__Work order__: Give again the line that contains "this 2048×1365 image." and every line after it to the end of the records. Keep them exactly as they are and add nothing.

__Data in this exercise__:
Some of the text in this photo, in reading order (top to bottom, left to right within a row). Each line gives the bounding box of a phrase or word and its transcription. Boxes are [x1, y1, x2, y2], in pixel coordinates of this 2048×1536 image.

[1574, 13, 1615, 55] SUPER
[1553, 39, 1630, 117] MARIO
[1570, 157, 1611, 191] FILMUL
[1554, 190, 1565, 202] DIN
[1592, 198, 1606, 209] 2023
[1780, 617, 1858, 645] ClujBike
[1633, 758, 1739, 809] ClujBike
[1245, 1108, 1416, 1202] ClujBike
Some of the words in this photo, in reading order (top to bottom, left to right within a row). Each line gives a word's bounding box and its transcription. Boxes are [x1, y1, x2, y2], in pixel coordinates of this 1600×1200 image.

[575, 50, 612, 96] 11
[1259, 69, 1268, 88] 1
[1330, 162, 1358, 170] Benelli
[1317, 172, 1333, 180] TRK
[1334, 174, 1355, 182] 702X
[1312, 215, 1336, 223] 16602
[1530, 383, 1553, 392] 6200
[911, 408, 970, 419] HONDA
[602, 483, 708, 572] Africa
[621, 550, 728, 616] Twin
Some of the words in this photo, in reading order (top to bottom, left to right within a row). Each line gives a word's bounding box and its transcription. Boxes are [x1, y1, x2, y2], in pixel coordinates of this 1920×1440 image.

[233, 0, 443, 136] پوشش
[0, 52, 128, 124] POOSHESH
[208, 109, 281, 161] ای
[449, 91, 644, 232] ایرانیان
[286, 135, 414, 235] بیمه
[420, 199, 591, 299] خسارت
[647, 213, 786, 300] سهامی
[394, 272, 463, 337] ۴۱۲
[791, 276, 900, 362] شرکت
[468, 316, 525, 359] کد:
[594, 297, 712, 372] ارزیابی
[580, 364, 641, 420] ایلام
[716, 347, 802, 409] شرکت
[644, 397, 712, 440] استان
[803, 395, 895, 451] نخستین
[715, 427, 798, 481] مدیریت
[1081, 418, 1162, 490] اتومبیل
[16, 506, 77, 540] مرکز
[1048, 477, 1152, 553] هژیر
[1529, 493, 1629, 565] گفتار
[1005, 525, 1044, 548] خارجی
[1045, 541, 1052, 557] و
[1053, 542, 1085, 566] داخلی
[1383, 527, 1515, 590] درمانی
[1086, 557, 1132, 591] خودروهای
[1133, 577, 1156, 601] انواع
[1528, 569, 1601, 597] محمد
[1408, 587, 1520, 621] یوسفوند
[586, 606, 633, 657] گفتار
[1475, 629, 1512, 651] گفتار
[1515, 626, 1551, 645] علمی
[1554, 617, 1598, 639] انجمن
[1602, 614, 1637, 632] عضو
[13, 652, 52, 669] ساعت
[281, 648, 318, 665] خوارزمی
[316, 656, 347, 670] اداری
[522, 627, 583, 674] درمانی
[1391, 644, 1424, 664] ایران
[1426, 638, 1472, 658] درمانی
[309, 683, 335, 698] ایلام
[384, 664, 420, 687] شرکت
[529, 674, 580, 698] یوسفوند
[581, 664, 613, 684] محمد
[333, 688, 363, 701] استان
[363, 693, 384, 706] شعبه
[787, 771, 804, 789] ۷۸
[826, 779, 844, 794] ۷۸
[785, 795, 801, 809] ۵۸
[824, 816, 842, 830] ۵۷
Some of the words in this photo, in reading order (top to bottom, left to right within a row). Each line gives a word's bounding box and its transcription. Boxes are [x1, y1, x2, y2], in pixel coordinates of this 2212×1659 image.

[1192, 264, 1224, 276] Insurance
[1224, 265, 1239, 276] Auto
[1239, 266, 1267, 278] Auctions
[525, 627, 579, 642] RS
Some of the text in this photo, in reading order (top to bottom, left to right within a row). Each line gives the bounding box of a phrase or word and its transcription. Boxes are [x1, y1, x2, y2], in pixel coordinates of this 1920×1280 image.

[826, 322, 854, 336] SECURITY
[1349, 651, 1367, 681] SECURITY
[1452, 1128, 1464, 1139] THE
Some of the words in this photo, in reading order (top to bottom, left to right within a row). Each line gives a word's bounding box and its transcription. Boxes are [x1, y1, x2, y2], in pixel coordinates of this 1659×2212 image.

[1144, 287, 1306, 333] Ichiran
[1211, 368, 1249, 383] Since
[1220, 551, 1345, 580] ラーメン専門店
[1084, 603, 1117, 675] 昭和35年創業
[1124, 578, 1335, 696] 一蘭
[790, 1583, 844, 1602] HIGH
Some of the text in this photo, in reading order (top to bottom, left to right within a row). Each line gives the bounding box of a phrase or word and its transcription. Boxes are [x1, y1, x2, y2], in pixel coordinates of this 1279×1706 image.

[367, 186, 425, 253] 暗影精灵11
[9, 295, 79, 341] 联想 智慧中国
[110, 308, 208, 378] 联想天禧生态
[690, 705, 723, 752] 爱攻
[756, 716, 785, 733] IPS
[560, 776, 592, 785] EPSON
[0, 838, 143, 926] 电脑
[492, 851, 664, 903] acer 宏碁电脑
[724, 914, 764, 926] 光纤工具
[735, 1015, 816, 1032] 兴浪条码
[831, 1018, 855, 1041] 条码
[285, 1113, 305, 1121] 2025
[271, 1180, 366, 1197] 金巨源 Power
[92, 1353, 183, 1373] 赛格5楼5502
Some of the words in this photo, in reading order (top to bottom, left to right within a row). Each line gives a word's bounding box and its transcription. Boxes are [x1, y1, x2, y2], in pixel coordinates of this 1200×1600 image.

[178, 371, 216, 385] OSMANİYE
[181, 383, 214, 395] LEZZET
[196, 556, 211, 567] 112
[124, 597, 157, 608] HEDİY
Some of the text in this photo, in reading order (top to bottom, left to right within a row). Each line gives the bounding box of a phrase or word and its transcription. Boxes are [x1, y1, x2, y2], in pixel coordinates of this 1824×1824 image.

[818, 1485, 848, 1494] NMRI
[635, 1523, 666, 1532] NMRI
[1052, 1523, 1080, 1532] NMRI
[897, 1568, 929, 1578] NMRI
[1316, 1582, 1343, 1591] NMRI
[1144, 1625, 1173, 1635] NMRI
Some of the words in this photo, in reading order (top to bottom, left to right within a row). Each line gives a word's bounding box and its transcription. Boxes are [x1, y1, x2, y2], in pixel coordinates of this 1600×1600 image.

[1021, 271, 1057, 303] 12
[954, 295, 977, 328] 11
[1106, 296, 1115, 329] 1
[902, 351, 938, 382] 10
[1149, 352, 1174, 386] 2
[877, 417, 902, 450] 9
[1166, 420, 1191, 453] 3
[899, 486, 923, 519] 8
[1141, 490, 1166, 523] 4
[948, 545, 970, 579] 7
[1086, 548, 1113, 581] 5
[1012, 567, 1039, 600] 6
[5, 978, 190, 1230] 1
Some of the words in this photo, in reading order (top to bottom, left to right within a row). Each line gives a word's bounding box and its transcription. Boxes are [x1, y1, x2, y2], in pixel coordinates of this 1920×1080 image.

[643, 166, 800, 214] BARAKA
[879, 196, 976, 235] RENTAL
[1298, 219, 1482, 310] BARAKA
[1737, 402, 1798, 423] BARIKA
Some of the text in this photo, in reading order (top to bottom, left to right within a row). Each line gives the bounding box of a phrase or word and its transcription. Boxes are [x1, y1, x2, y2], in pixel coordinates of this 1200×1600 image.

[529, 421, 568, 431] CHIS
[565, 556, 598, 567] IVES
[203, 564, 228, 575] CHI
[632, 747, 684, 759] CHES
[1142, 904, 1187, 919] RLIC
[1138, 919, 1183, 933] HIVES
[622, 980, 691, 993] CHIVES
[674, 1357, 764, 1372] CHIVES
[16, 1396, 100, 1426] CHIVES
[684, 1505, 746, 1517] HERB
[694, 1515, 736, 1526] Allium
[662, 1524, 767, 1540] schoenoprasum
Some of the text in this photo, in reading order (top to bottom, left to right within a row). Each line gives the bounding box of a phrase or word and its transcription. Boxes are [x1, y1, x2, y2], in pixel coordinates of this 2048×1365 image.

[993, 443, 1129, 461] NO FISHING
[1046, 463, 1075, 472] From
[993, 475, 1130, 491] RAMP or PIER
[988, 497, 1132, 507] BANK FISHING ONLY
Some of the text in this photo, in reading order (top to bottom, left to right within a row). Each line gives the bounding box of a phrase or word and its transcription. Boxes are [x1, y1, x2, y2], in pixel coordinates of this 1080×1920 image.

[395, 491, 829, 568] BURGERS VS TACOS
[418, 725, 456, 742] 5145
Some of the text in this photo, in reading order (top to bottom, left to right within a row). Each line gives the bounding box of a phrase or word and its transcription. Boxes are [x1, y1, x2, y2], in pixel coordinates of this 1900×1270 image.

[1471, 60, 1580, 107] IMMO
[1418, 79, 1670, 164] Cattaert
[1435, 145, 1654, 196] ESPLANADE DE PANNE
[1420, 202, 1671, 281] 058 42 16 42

__Answer__:
Some of the text in this photo, in reading order (top to bottom, left to right within a row). Each line gives the bounding box of a phrase or word and its transcription. Boxes are [x1, y1, x2, y2], in pixel coordinates of this 2048×1365 image.

[993, 443, 1129, 461] NO FISHING
[1046, 463, 1075, 472] From
[993, 475, 1130, 491] RAMP or PIER
[988, 497, 1132, 507] BANK FISHING ONLY
Some of the text in this photo, in reading order (top to bottom, left to right within a row). Each line gives the bounding box of a phrase or word and its transcription. Boxes are [x1, y1, x2, y2], in pixel coordinates of this 1080×1920 image.

[395, 491, 829, 568] BURGERS VS TACOS
[418, 725, 456, 742] 5145
Some of the text in this photo, in reading order (top to bottom, left to right within a row). Each line gives the bounding box of a phrase or word and its transcription. Boxes are [x1, y1, x2, y2], in pixel coordinates of this 1900×1270 image.

[1471, 60, 1580, 107] IMMO
[1418, 79, 1670, 164] Cattaert
[1435, 145, 1654, 196] ESPLANADE DE PANNE
[1420, 202, 1671, 281] 058 42 16 42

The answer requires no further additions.